### [WORK INSTRUCTIONS]
For this exercise, copy the data exactly and omit any images.

Image-backed grounding data
┌──

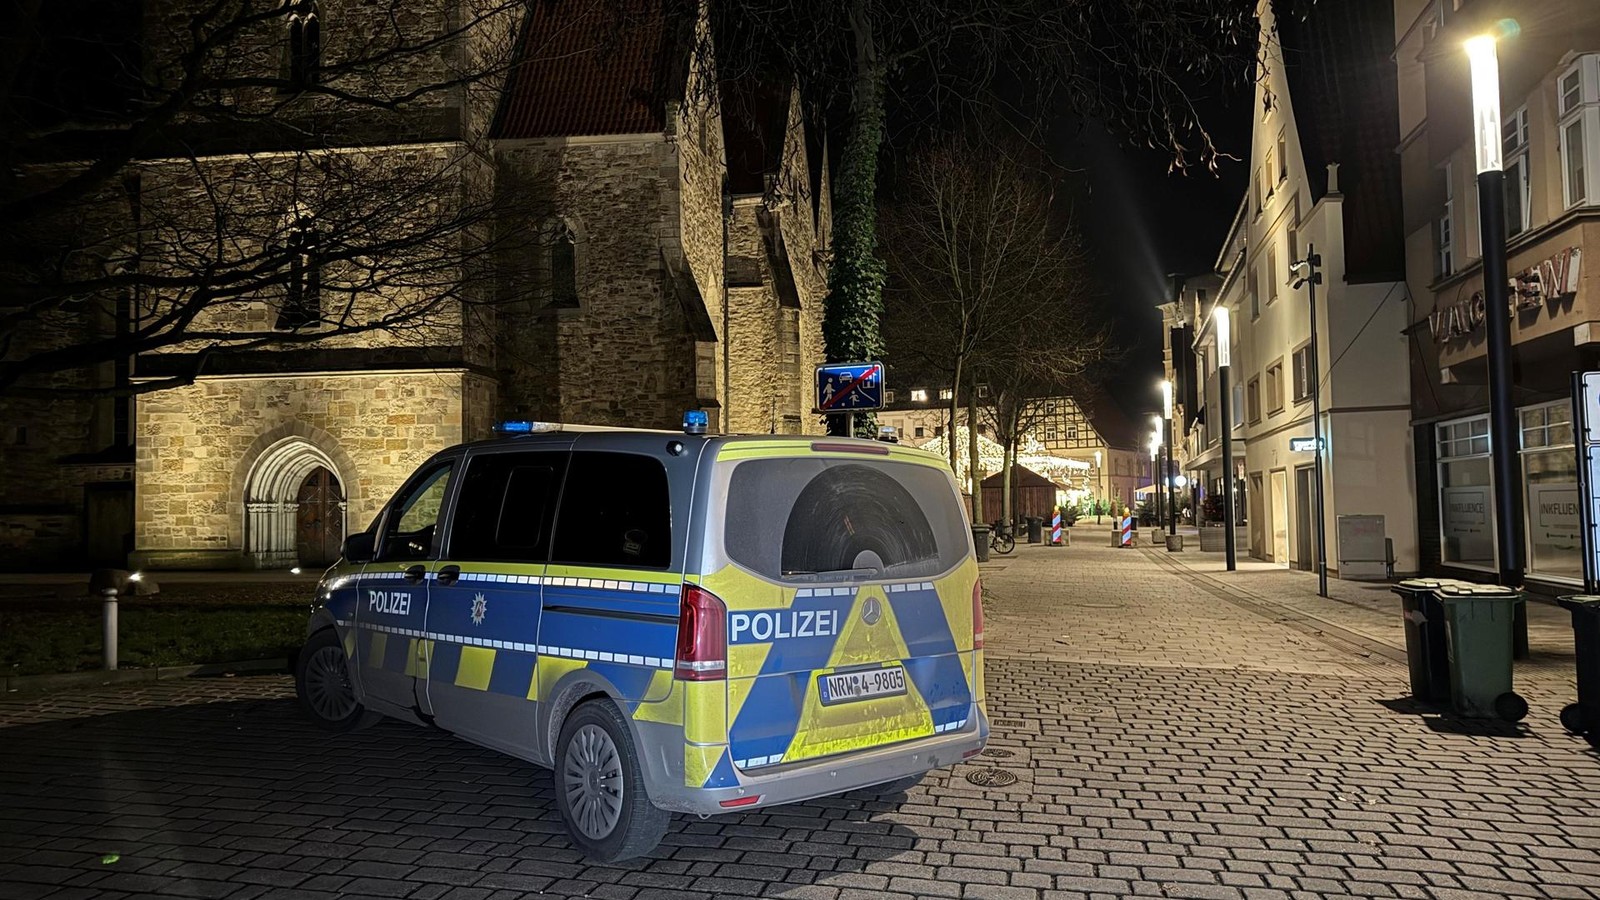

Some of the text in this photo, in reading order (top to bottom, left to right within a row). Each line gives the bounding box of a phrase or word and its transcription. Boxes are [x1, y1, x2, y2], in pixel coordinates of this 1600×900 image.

[369, 590, 411, 615] POLIZEI
[731, 609, 838, 642] POLIZEI
[829, 676, 854, 698] NRW
[861, 670, 904, 693] 4-9805

└──

### [SOLUTION TO THIS TASK]
Some of the text in this photo, in reading order (top to bottom, left to right within a row). Each line gives the bounding box of a phrase or word and its transcription. Boxes are [x1, y1, x2, y2], in pixel coordinates of this 1600×900 image.

[369, 590, 411, 615] POLIZEI
[731, 609, 838, 642] POLIZEI
[829, 676, 854, 698] NRW
[861, 670, 904, 693] 4-9805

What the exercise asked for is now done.